Variance describes how subtyping relationships propagate through generic type constructors. In Rust, lifetimes and types can be covariant, contravariant, or invariant in a type parameter. Getting variance wrong leads to unsound code: a Cell<&'static str> being treated as Cell<&'short str> would allow writing a short-lived reference into a long-lived cell. PhantomData is the tool for explicitly setting variance when the compiler cannot infer it correctly from the struct fields, especially when raw pointers are involved.

🎯 Learning Outcomes

  • • Understand covariance, contravariance, and invariance in Rust's type system
  • • Use PhantomData<T> for covariance (acts like owning a T)
  • • Use PhantomData<fn(T)> for contravariance (acts like a function consuming T)
  • • Use PhantomData<Cell<T>> or PhantomData<*mut T> for invariance
  • • Know when raw pointer fields make variance inference go wrong
  • Code Example

    #![allow(clippy::all)]
    //! # Phantom Variance Control
    
    pub fn placeholder() -> &'static str {
        "phantom-variance-control implementation"
    }
    
    #[cfg(test)]
    mod tests {
        use super::*;
        #[test]
        fn test_placeholder() {
            assert!(!placeholder().is_empty());
        }
    }

    Key Differences

  • Syntax: OCaml uses +'a / -'a variance annotations directly; Rust encodes variance through the type of the PhantomData field.
  • Clarity: OCaml's annotations are self-documenting; Rust's PhantomData<fn(T)> for contravariance is a non-obvious idiom requiring documentation.
  • Inference: Rust infers variance automatically for structs without raw pointers; OCaml requires explicit annotations on abstract types.
  • Soundness: Both enforce variance at the type-checker level with no runtime cost.
  • OCaml Approach

    OCaml uses variance annotations directly on type parameters: type +'a t (covariant), type -'a t (contravariant), and type 'a t (invariant by default).
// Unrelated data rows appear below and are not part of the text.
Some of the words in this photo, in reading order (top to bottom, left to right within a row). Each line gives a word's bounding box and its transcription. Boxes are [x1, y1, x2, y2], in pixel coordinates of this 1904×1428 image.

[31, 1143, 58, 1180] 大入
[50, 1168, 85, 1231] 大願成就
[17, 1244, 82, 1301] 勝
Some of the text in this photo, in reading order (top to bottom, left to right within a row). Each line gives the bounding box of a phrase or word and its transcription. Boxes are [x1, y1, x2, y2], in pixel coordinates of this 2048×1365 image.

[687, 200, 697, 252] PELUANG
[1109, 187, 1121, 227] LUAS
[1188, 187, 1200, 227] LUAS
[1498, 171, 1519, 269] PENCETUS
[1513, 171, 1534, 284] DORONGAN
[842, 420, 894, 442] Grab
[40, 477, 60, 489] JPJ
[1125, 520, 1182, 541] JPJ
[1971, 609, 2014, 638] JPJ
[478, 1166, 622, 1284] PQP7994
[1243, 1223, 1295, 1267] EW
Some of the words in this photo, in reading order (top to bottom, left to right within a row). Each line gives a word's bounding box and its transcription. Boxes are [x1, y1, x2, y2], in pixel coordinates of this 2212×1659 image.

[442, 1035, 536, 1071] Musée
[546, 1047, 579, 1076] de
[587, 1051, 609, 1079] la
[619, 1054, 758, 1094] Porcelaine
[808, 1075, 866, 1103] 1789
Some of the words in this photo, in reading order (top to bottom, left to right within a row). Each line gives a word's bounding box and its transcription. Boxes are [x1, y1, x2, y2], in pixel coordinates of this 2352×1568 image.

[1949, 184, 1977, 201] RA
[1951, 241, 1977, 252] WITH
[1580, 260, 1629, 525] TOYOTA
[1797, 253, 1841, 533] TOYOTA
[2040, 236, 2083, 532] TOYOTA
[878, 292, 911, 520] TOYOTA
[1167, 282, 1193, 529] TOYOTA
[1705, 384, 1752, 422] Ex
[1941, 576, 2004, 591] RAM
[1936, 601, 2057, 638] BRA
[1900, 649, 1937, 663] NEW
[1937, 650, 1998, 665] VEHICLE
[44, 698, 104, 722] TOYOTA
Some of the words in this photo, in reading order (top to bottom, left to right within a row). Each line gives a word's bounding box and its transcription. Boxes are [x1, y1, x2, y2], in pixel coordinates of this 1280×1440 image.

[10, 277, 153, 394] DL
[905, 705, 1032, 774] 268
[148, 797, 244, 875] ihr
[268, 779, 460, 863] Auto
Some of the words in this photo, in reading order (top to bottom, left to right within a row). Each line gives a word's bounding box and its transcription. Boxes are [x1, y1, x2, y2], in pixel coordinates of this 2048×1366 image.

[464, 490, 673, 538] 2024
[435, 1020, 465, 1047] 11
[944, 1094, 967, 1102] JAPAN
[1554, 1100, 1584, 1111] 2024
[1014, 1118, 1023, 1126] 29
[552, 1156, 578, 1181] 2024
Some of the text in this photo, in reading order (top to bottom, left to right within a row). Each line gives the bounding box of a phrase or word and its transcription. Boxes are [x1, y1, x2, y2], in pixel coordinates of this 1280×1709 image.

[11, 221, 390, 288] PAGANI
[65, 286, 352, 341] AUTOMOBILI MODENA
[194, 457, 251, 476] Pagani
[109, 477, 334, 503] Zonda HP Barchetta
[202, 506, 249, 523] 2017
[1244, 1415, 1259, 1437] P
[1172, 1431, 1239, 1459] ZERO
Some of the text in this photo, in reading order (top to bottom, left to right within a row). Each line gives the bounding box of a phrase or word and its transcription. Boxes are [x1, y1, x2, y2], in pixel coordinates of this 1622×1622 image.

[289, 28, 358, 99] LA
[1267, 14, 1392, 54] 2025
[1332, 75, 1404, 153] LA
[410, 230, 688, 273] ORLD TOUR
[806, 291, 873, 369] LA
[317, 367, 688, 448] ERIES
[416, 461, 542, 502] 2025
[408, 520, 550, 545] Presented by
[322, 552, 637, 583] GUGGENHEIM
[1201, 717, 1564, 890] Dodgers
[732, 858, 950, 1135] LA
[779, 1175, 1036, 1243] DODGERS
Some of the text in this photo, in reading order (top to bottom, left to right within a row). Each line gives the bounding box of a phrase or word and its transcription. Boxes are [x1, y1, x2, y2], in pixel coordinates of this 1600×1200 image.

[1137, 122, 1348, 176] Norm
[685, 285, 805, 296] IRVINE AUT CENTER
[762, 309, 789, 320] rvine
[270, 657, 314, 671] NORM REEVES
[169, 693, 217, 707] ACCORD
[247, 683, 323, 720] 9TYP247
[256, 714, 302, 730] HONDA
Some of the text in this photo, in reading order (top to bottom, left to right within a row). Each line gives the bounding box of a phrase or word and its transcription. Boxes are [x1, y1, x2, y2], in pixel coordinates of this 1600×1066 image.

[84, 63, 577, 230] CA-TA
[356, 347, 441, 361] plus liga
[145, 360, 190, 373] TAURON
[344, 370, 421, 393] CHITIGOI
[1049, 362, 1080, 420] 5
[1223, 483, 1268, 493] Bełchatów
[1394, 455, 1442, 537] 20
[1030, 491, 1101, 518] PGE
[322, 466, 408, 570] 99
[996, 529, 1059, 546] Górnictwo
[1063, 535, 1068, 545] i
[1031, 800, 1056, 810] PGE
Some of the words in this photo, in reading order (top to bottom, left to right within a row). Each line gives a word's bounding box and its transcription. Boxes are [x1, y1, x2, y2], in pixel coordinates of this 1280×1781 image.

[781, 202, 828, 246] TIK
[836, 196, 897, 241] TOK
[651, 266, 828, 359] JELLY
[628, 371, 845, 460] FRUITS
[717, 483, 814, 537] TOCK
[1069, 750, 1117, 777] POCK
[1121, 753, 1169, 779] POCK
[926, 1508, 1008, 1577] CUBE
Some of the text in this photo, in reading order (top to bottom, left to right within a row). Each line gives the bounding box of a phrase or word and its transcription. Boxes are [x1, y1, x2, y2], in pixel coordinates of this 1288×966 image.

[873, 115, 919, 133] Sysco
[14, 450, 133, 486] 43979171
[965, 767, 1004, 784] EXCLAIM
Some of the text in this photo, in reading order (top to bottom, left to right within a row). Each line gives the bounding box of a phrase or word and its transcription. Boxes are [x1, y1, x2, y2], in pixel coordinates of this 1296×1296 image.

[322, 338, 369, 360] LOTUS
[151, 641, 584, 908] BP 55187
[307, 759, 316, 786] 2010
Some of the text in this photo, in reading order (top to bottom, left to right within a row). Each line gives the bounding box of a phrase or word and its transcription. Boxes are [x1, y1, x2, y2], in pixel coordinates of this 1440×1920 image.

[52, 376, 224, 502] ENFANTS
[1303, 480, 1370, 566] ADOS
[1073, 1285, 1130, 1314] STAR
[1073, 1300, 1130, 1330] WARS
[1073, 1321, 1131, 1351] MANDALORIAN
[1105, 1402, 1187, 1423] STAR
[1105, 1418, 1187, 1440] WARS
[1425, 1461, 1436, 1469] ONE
The compiler verifies that the annotation matches the actual usage. OCaml's explicit variance annotations are more readable than Rust's PhantomData trick. The Base library's Container types use precise variance annotations to enable safe covariant use.

    Full Source

    #![allow(clippy::all)]
    //! # Phantom Variance Control
    
    pub fn placeholder() -> &'static str {
        "phantom-variance-control implementation"
    }
    
    #[cfg(test)]
    mod tests {
        use super::*;
        #[test]
        fn test_placeholder() {
            assert!(!placeholder().is_empty());
        }
    }
    ✓ Tests Rust test suite
    #[cfg(test)]
    mod tests {
        use super::*;
        #[test]
        fn test_placeholder() {
            assert!(!placeholder().is_empty());
        }
    }

    Deep Comparison

    Variance Control

    See example files for comparison.

    Exercises

  • Write a Writer<T> type that is contravariant in T — it accepts a T but produces nothing — and verify that Writer<&'short str> can be used as Writer<&'static str>.
  • Implement a Buffer<T> type that must be invariant in T because it both reads and writes T. Use PhantomData<Cell<T>> and explain why invariance is required.
  • Create a Producer<T> (covariant) and Consumer<T> (contravariant) and combine them into a Channel<T> that is invariant, demonstrating variance composition.